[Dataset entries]

________________________

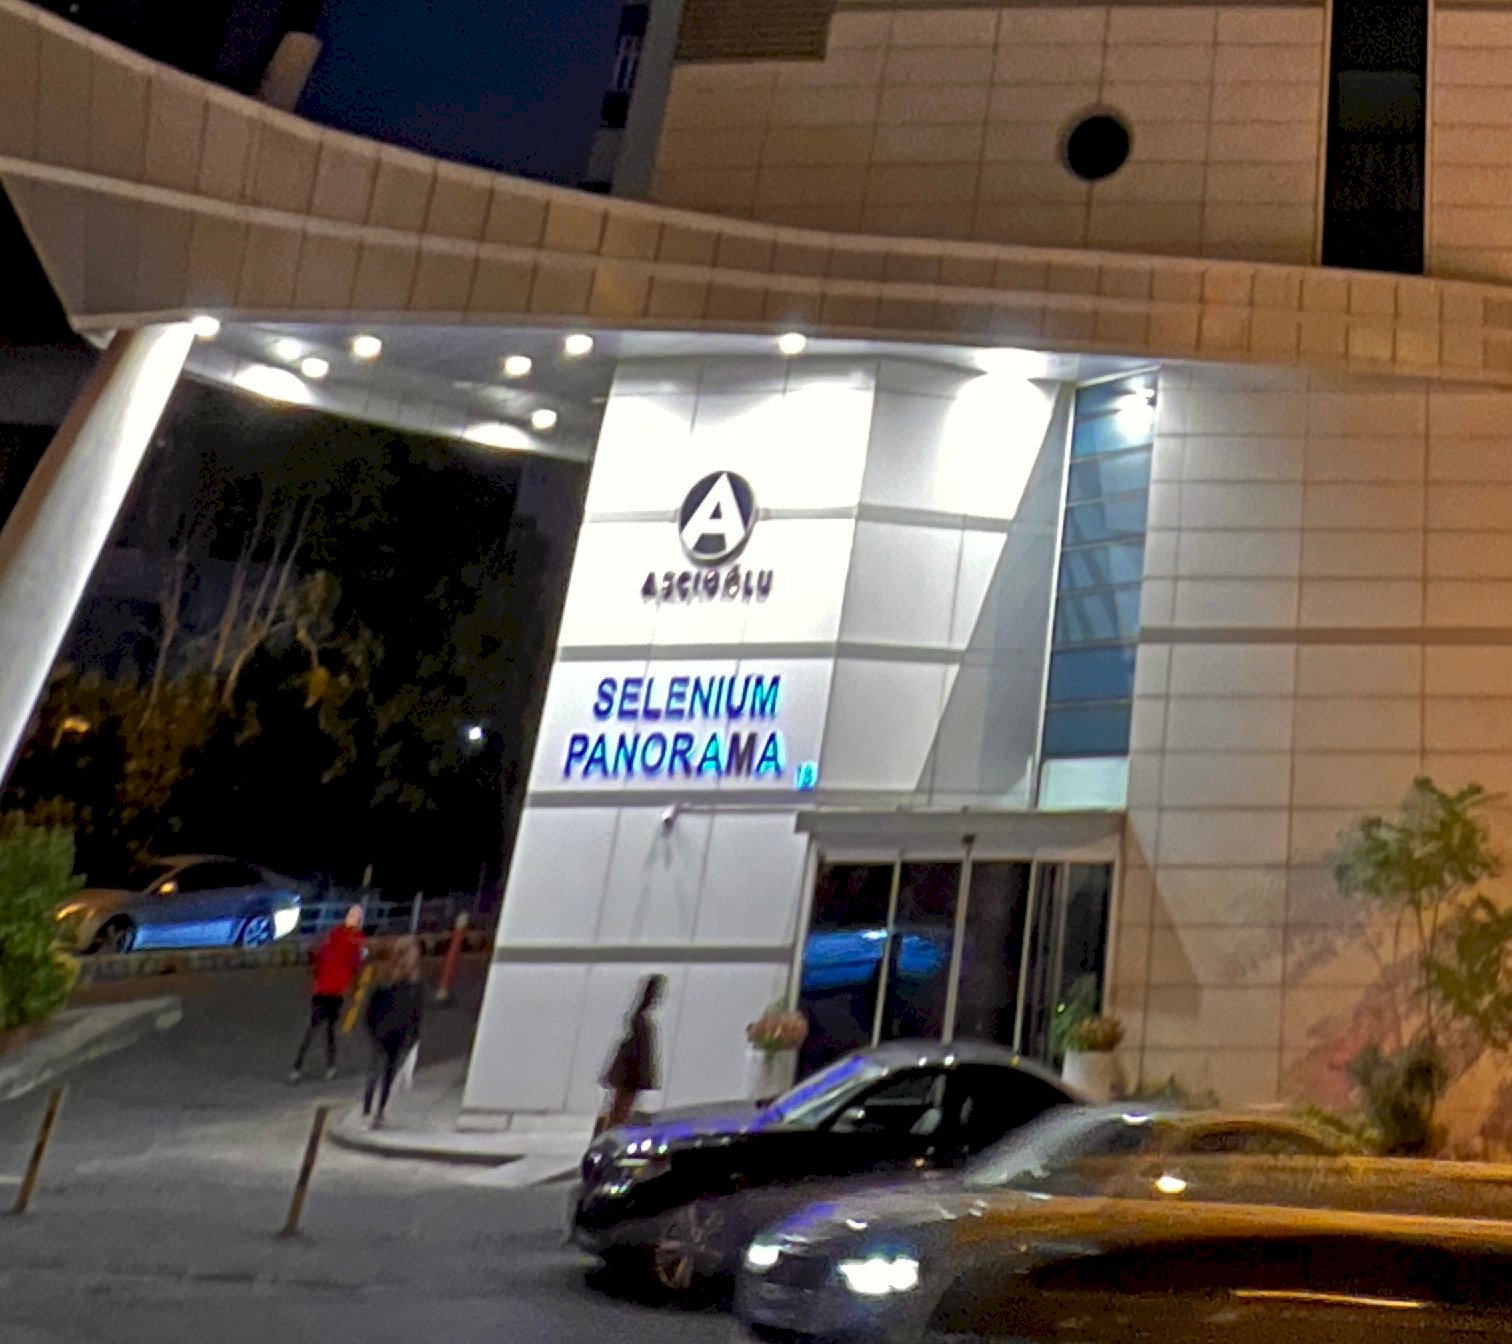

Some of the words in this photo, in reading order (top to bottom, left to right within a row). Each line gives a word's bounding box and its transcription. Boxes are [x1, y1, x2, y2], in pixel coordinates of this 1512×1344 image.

[680, 472, 753, 558] A
[593, 675, 781, 720] SELENIUM
[564, 731, 783, 778] PANORAMA
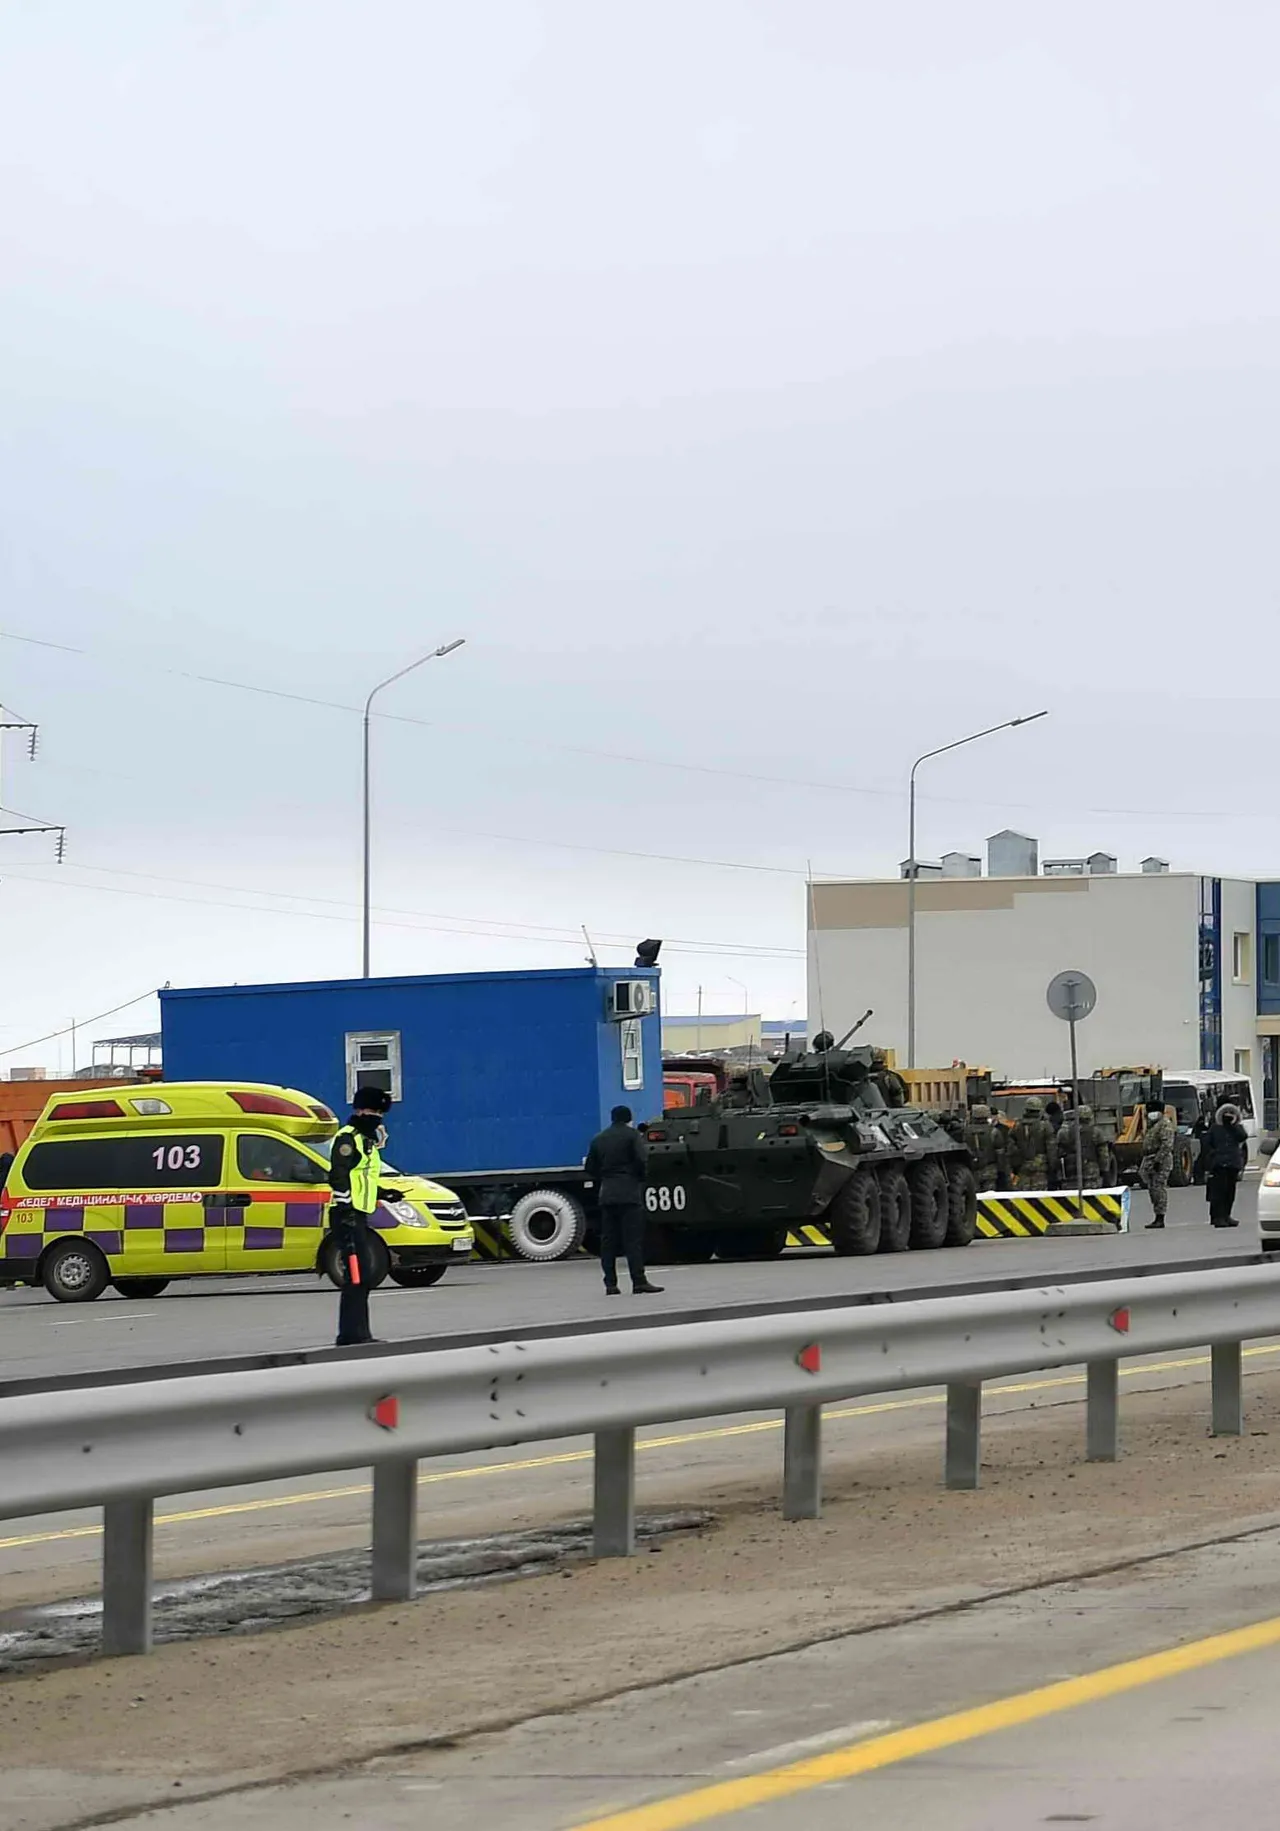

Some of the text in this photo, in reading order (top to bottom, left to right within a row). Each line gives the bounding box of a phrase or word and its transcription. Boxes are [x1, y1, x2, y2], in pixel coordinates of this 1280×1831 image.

[152, 1145, 201, 1170] 103
[144, 1192, 191, 1203] ЖӘРДЕМ
[645, 1186, 686, 1211] 680
[16, 1213, 33, 1223] 103

________________________

WORK INSTRUCTION:
With the pictures left aside, write out all of the records above exactly.

ANSWER FOR THE TASK:
Some of the words in this photo, in reading order (top to bottom, left to right within a row). Each line gives a word's bounding box and its transcription. Boxes are [x1, y1, x2, y2], in pixel coordinates of this 1512×1344 image.

[680, 472, 753, 558] A
[593, 675, 781, 720] SELENIUM
[564, 731, 783, 778] PANORAMA

Some of the text in this photo, in reading order (top to bottom, left to right within a row). Each line gives the bounding box of a phrase or word and its transcription. Boxes are [x1, y1, x2, y2], in pixel coordinates of this 1280×1831 image.

[152, 1145, 201, 1170] 103
[144, 1192, 191, 1203] ЖӘРДЕМ
[645, 1186, 686, 1211] 680
[16, 1213, 33, 1223] 103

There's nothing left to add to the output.